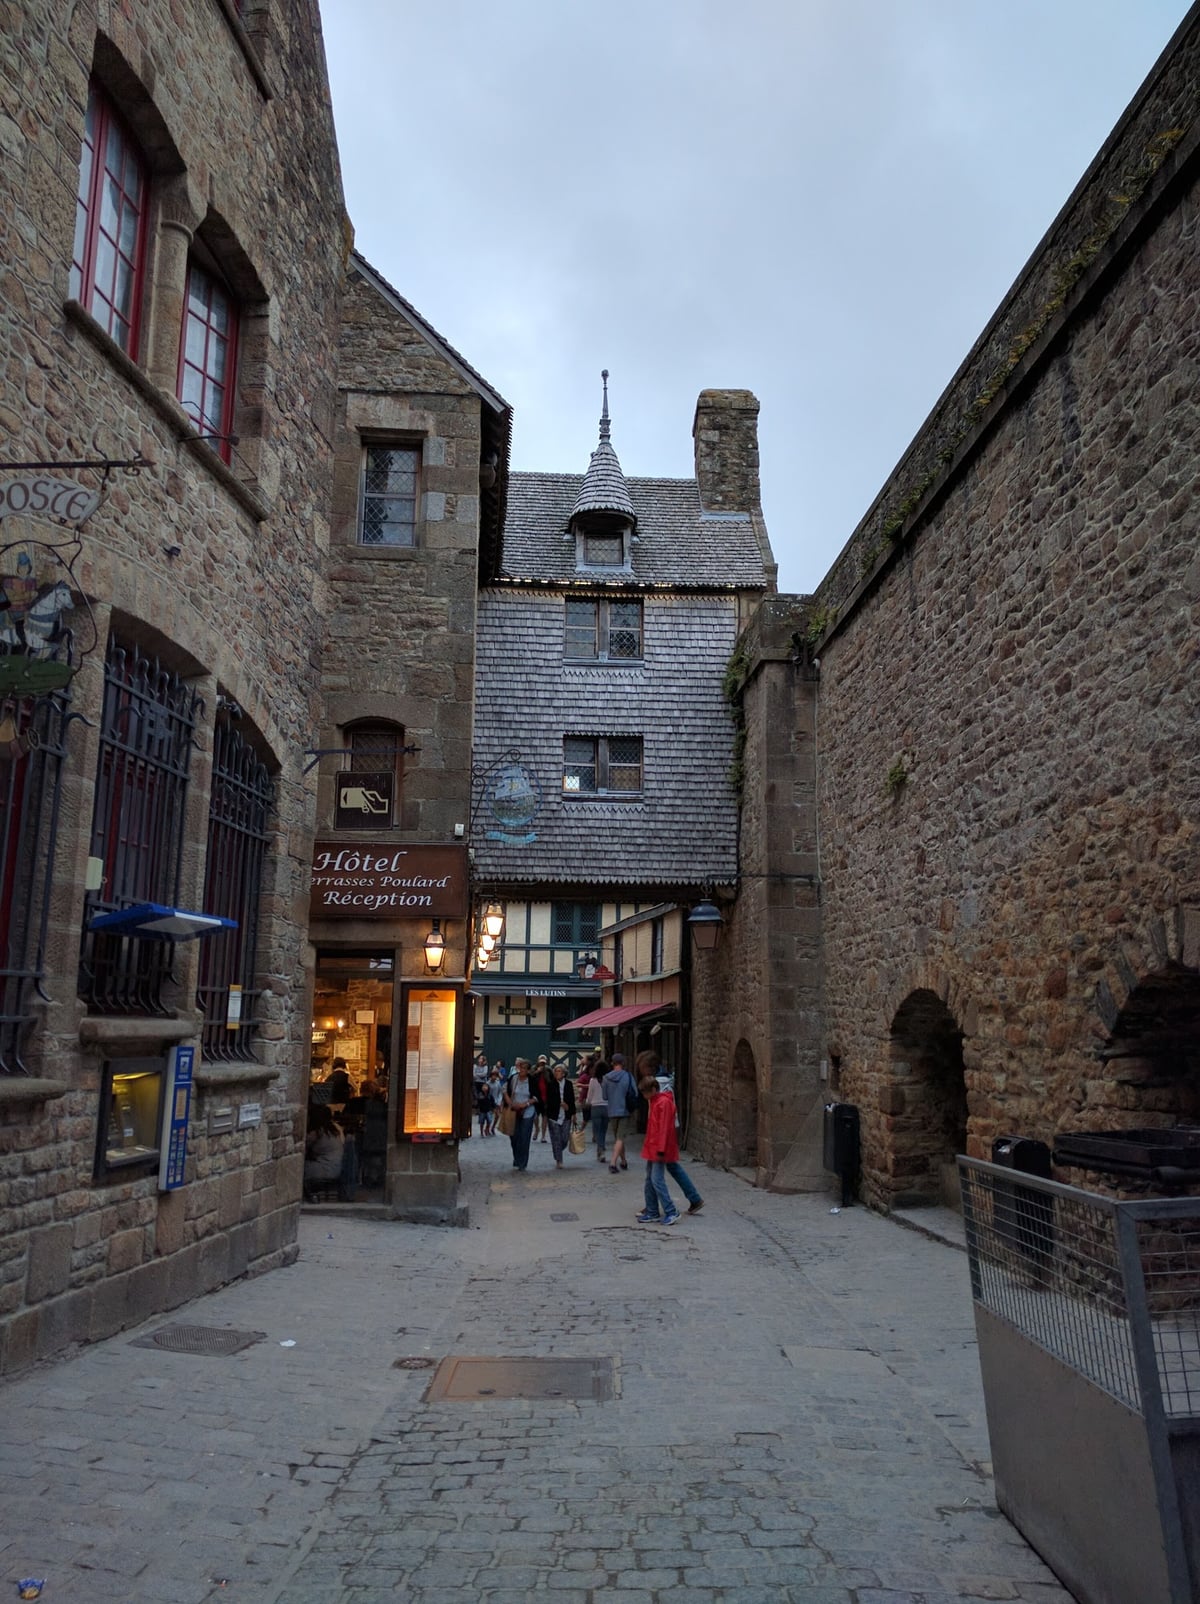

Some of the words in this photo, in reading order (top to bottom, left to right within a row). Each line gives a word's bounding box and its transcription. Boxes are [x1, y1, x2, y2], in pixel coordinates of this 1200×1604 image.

[0, 480, 91, 520] OSTE
[313, 849, 407, 872] Hôtel
[311, 876, 375, 887] errasses
[380, 875, 451, 888] Poulard
[323, 891, 433, 910] Réception
[525, 989, 539, 997] LES
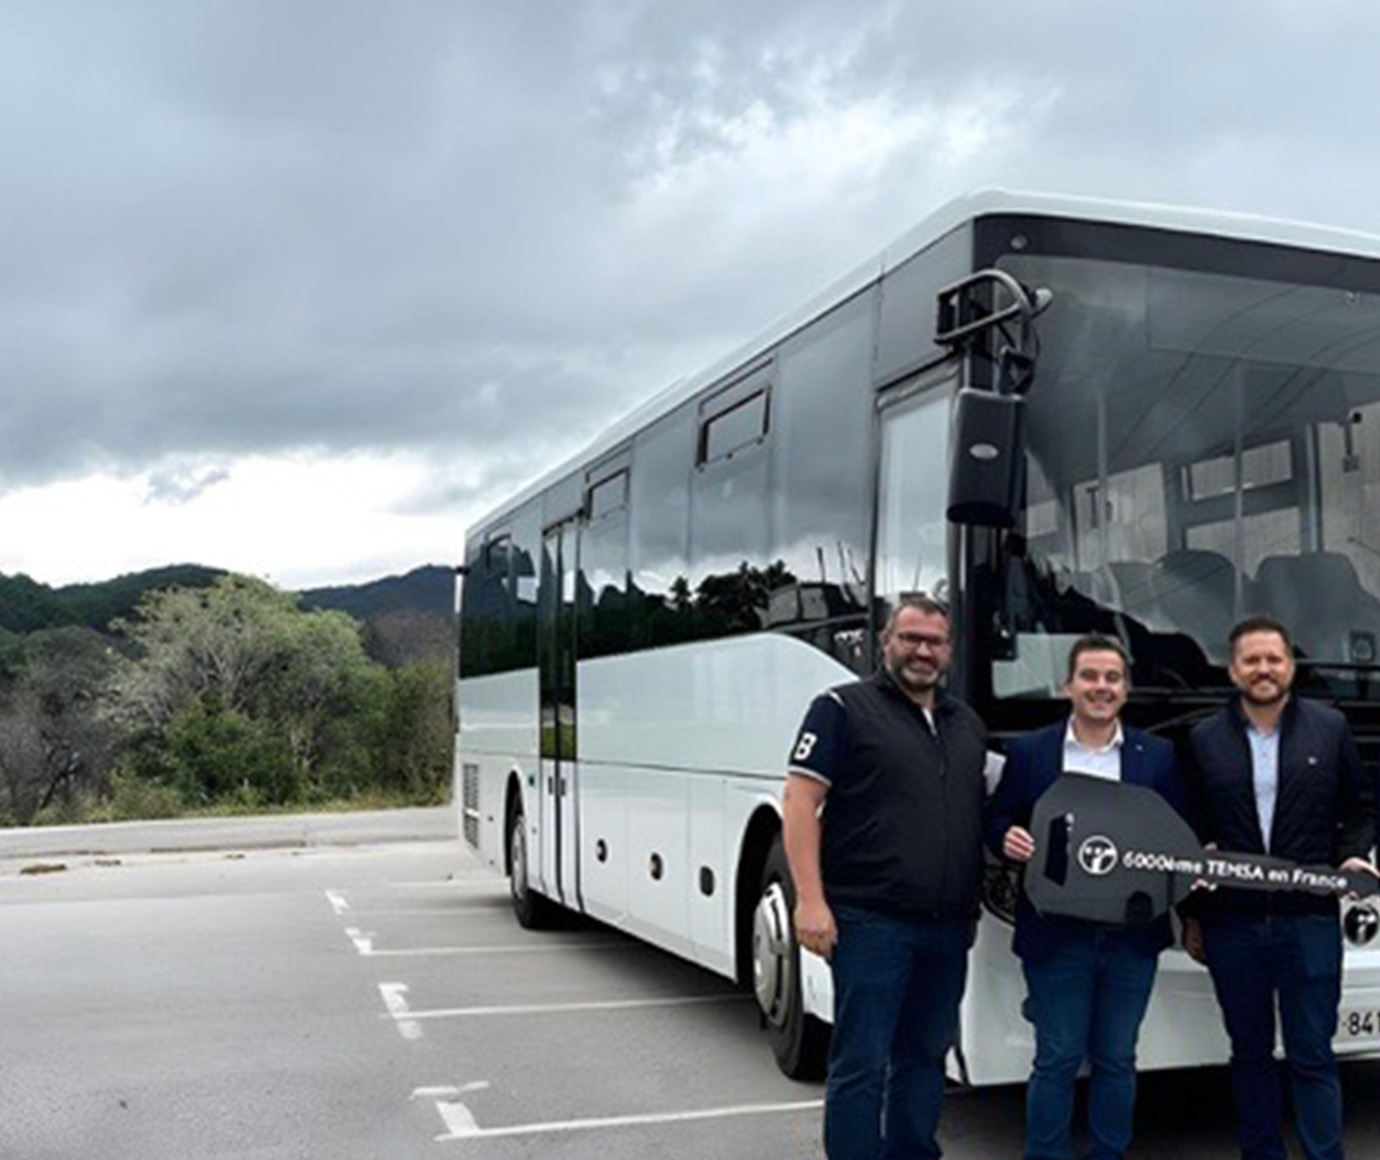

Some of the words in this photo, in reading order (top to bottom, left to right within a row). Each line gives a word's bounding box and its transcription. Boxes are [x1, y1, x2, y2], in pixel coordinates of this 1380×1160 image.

[794, 732, 818, 760] B
[1206, 859, 1264, 881] TEMSA
[1268, 868, 1289, 884] en
[1292, 868, 1348, 890] France
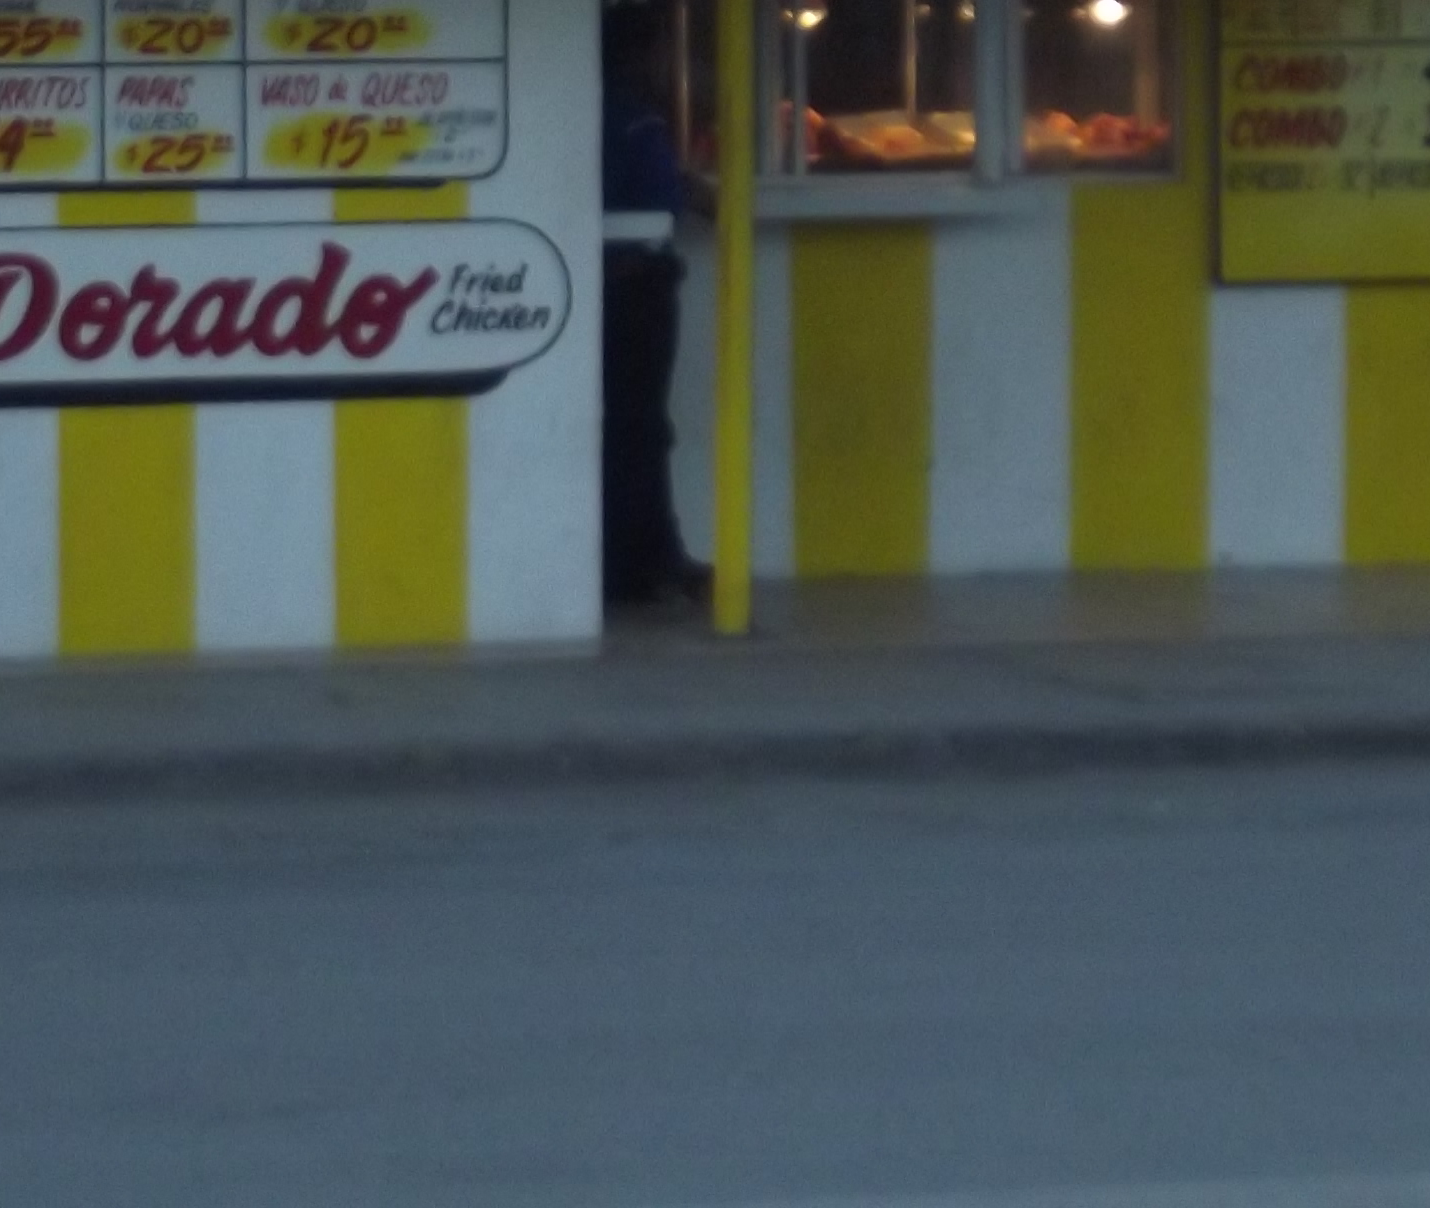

****************

### [WHAT TO WORK ON]
Copy the listing exactly, omitting pictures.

### [RESPONSE AREA]
Some of the words in this photo, in reading order (top to bottom, left to right within a row). Each line gives a word's bounding box and its transcription. Boxes are [x1, y1, x2, y2], in pixel coordinates of this 1200×1604 image.

[0, 480, 91, 520] OSTE
[313, 849, 407, 872] Hôtel
[311, 876, 375, 887] errasses
[380, 875, 451, 888] Poulard
[323, 891, 433, 910] Réception
[525, 989, 539, 997] LES

Some of the words in this photo, in reading order (top to bottom, left to right within a row). Each line gives a word's bounding box and its transcription. Boxes are [x1, y1, x2, y2], in pixel coordinates of this 1380×1160 image.

[794, 732, 818, 760] B
[1206, 859, 1264, 881] TEMSA
[1268, 868, 1289, 884] en
[1292, 868, 1348, 890] France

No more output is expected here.